-- Dataset entries follows --

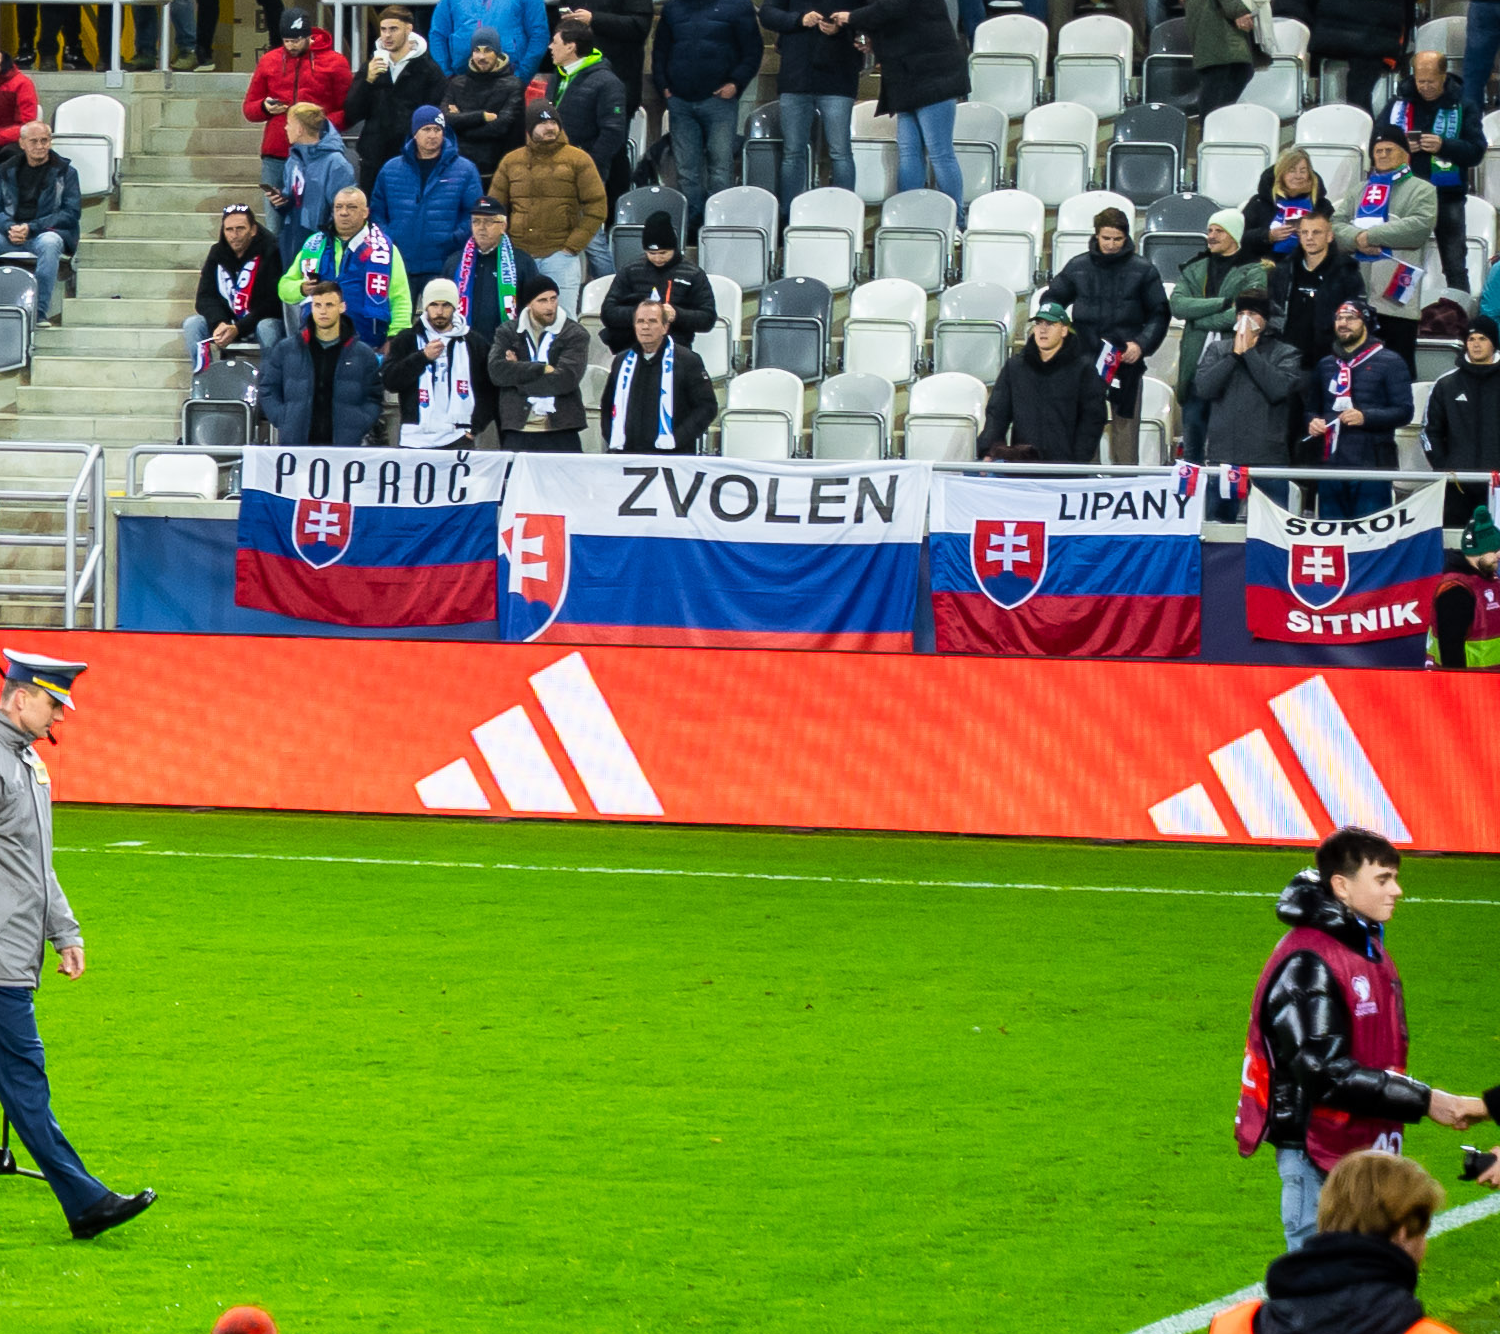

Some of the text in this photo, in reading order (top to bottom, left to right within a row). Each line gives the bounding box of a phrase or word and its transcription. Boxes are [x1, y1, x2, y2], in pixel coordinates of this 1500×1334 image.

[275, 449, 473, 505] POPROČ
[617, 466, 898, 525] ZVOLEN
[1057, 489, 1193, 522] LIPANY
[1284, 507, 1417, 537] SOKOL
[1285, 600, 1423, 635] SITNIK
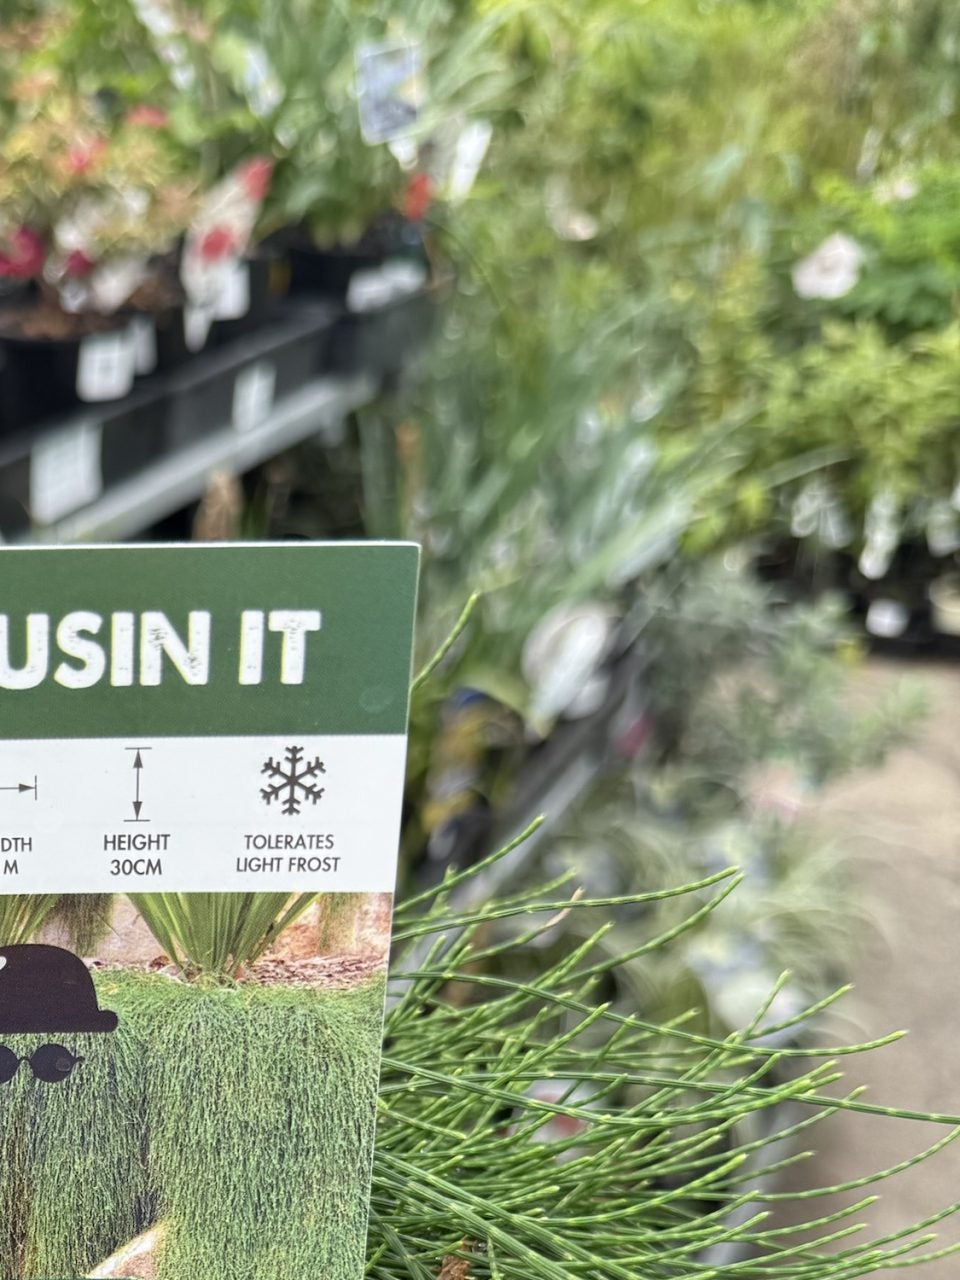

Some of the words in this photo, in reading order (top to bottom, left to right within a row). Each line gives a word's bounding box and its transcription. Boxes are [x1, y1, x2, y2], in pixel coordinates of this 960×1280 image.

[239, 610, 321, 685] IT
[104, 834, 170, 850] HEIGHT
[245, 835, 333, 849] TOLERATES
[111, 859, 161, 875] 30CM
[237, 857, 283, 872] LIGHT
[289, 857, 340, 871] FROST
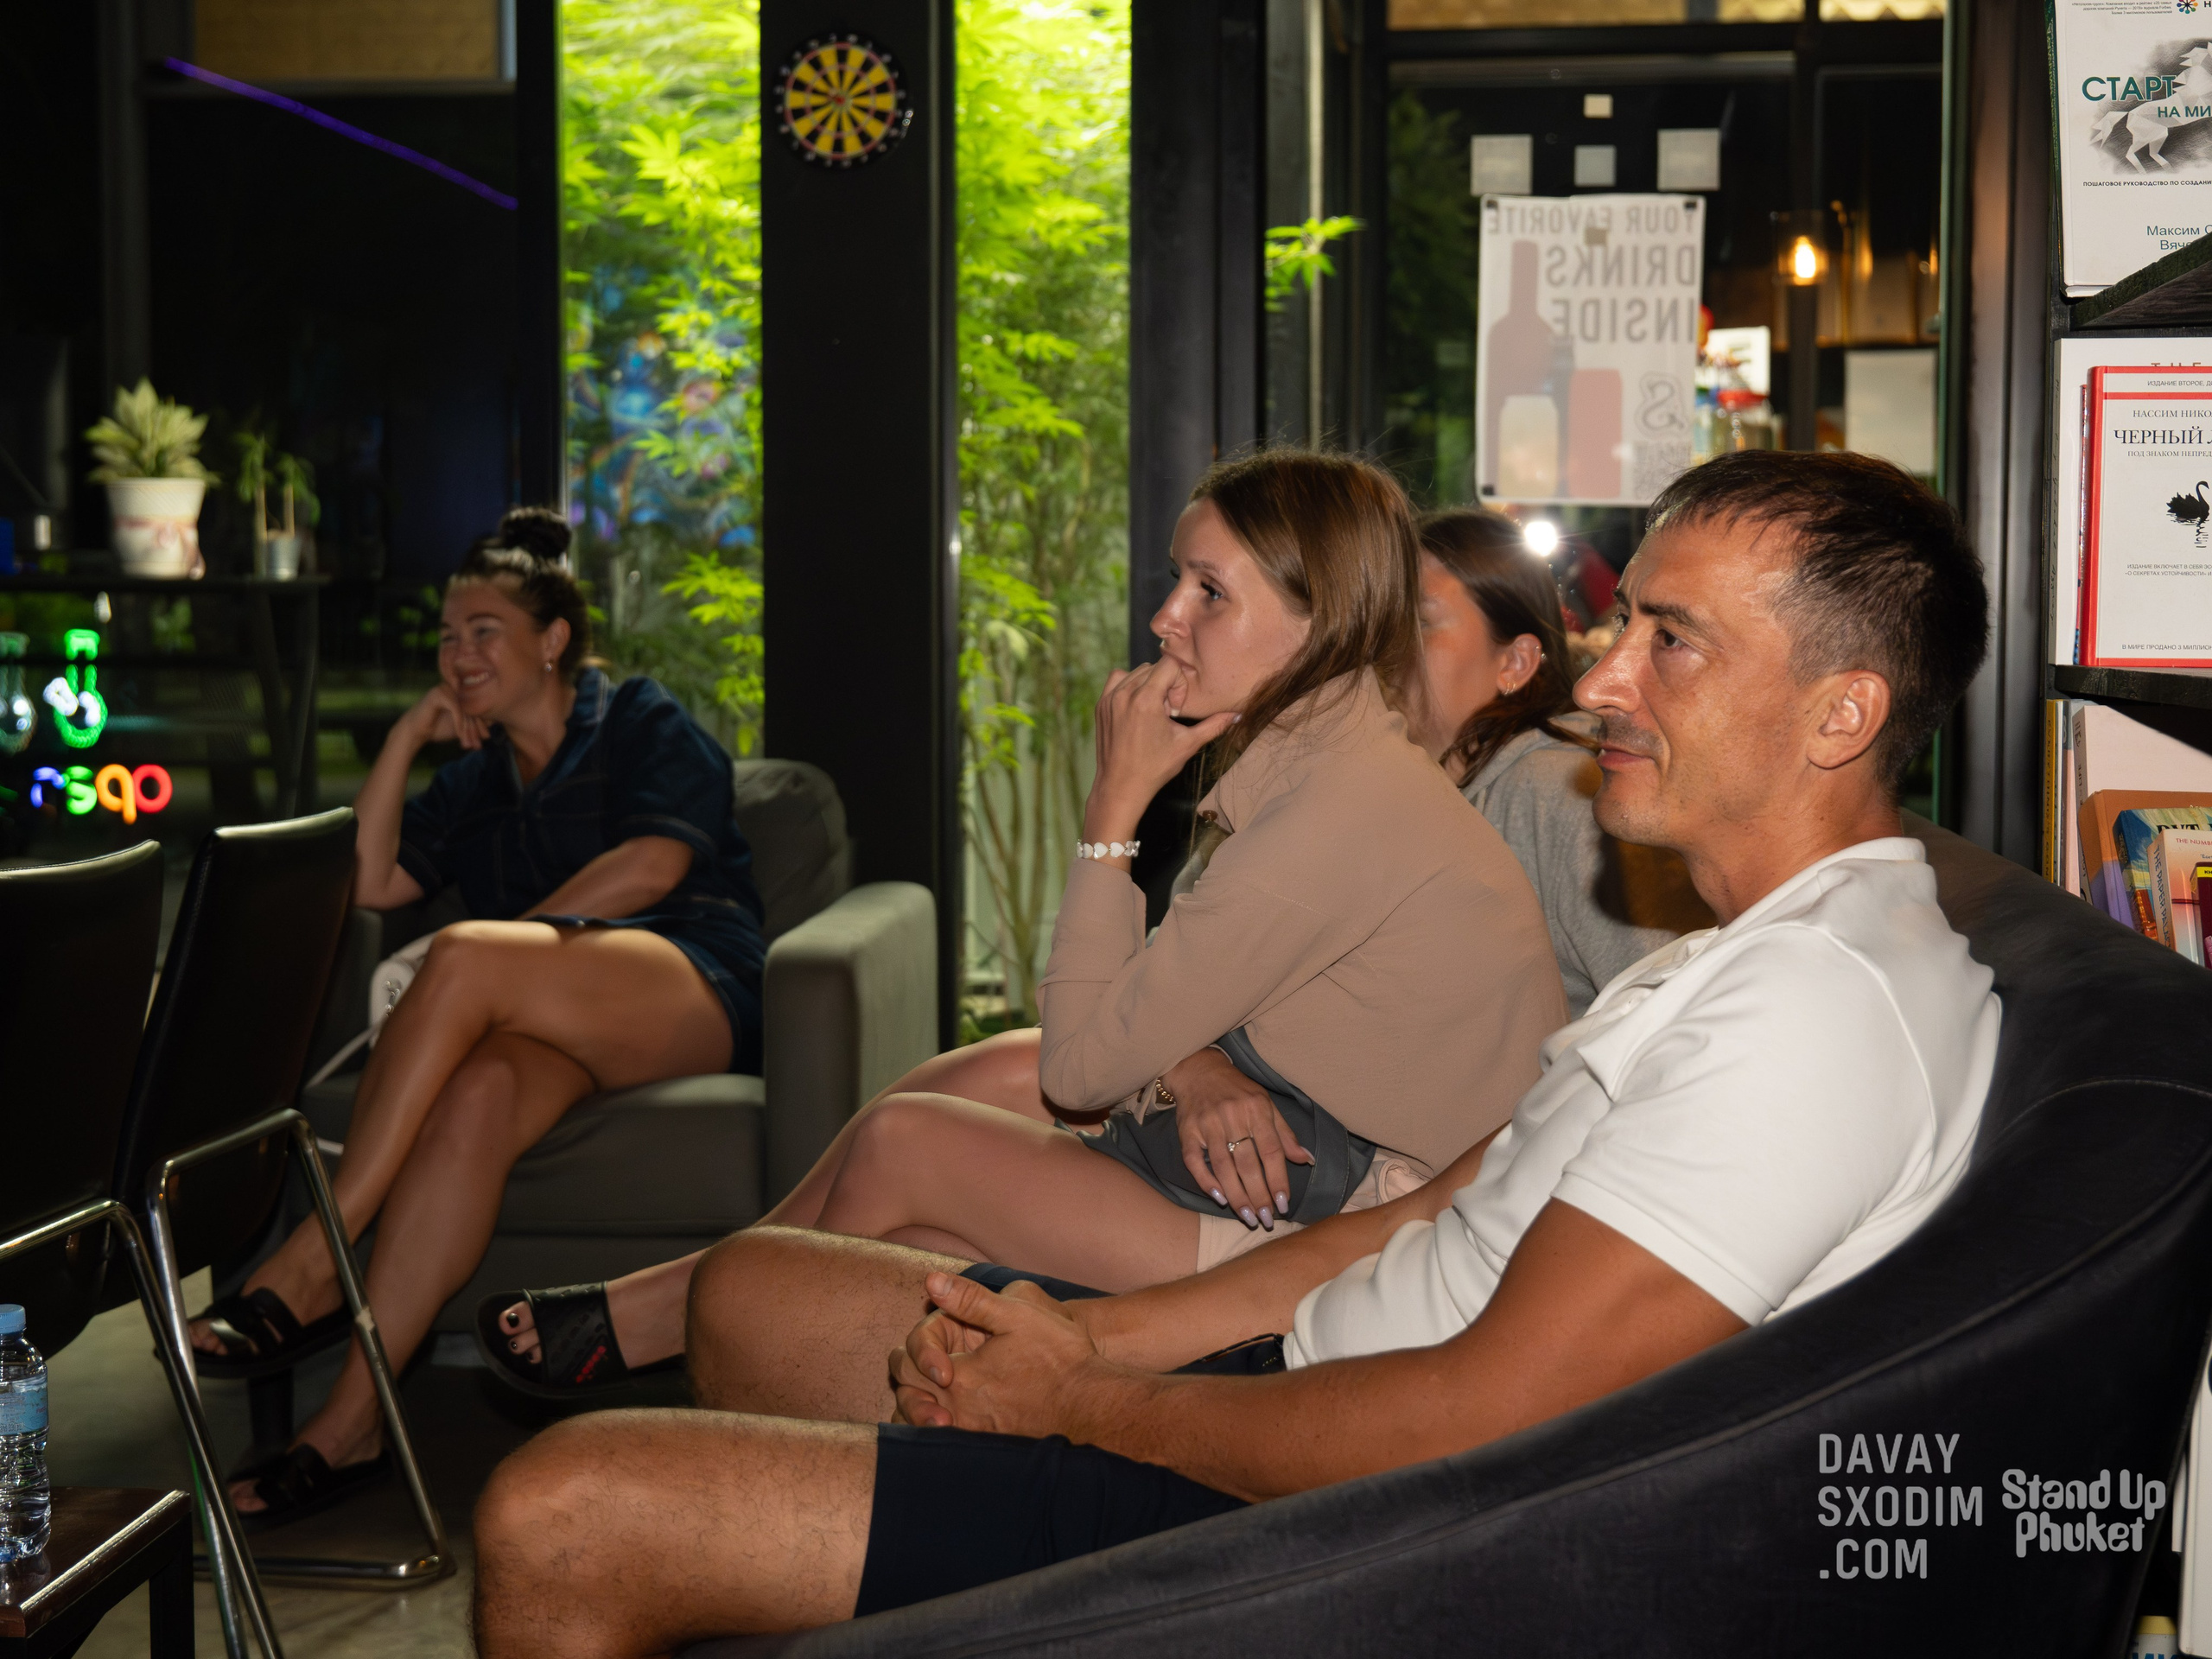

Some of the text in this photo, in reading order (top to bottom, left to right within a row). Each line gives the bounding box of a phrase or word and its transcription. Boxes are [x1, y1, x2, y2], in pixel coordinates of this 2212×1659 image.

[2082, 75, 2176, 102] СТАРТ
[2158, 105, 2181, 118] НА
[2146, 225, 2200, 236] Максим
[2113, 425, 2203, 444] ЧЕРНЫЙ
[2153, 845, 2162, 871] THE
[2157, 870, 2166, 908] PAPER
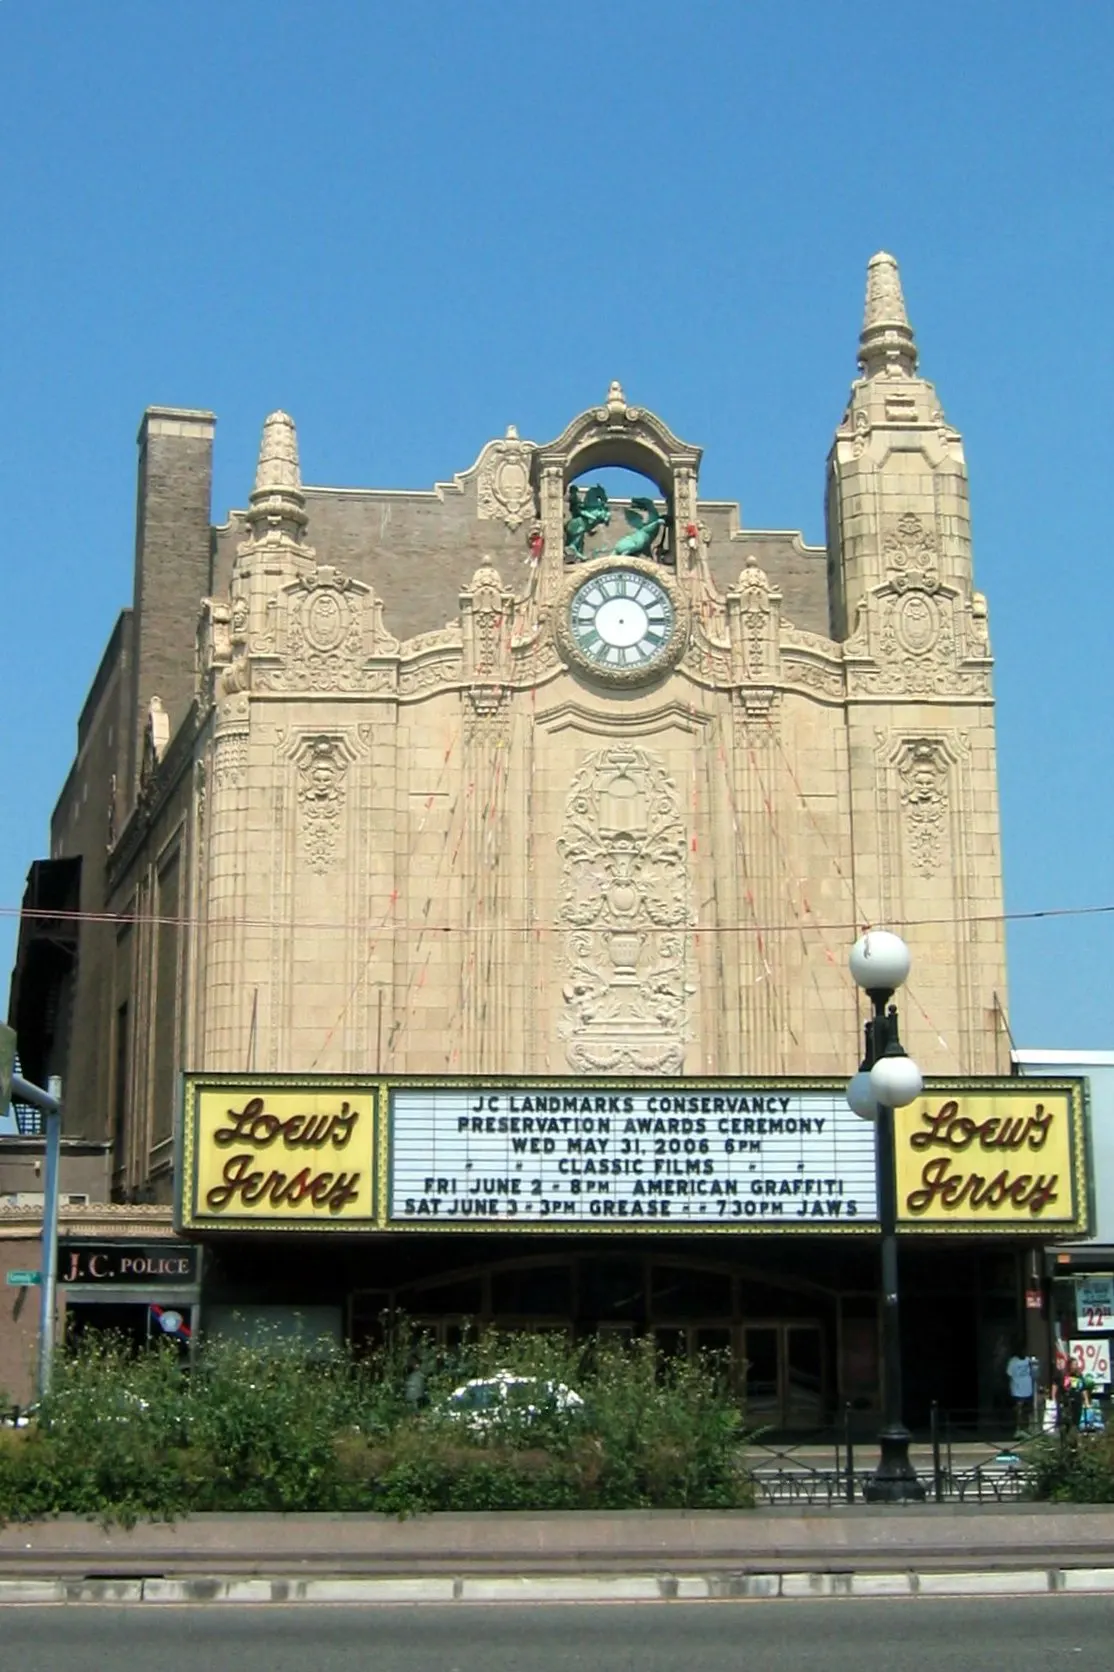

-- Dataset entries concluded --

### Task directions
Pictures must not appear in the copy, and every record must be restated word for word.

### Answer box
Some of the text in this photo, in reading order (top to bottom, left to right within a row). Each line gives the bounding box of a phrase or word and its transcription. Boxes are [x1, y1, x2, y2], in pixel coordinates of this 1500×1334 image.

[275, 449, 473, 505] POPROČ
[617, 466, 898, 525] ZVOLEN
[1057, 489, 1193, 522] LIPANY
[1284, 507, 1417, 537] SOKOL
[1285, 600, 1423, 635] SITNIK

Some of the words in this photo, in reading order (top to bottom, left to right within a row). Each line gives a word's bounding box and its transcription. Boxes are [x1, y1, x2, y2], in pixel coordinates of this 960×1280 image.

[239, 610, 321, 685] IT
[104, 834, 170, 850] HEIGHT
[245, 835, 333, 849] TOLERATES
[111, 859, 161, 875] 30CM
[237, 857, 283, 872] LIGHT
[289, 857, 340, 871] FROST

Some of the text in this photo, in reading order (top to bottom, left to right within a row). Each line gives the bounding box of a phrase or word and its transcription. Boxes are [x1, y1, x2, y2], in pixel coordinates of this 2212×1659 image.

[2082, 75, 2176, 102] СТАРТ
[2158, 105, 2181, 118] НА
[2146, 225, 2200, 236] Максим
[2113, 425, 2203, 444] ЧЕРНЫЙ
[2153, 845, 2162, 871] THE
[2157, 870, 2166, 908] PAPER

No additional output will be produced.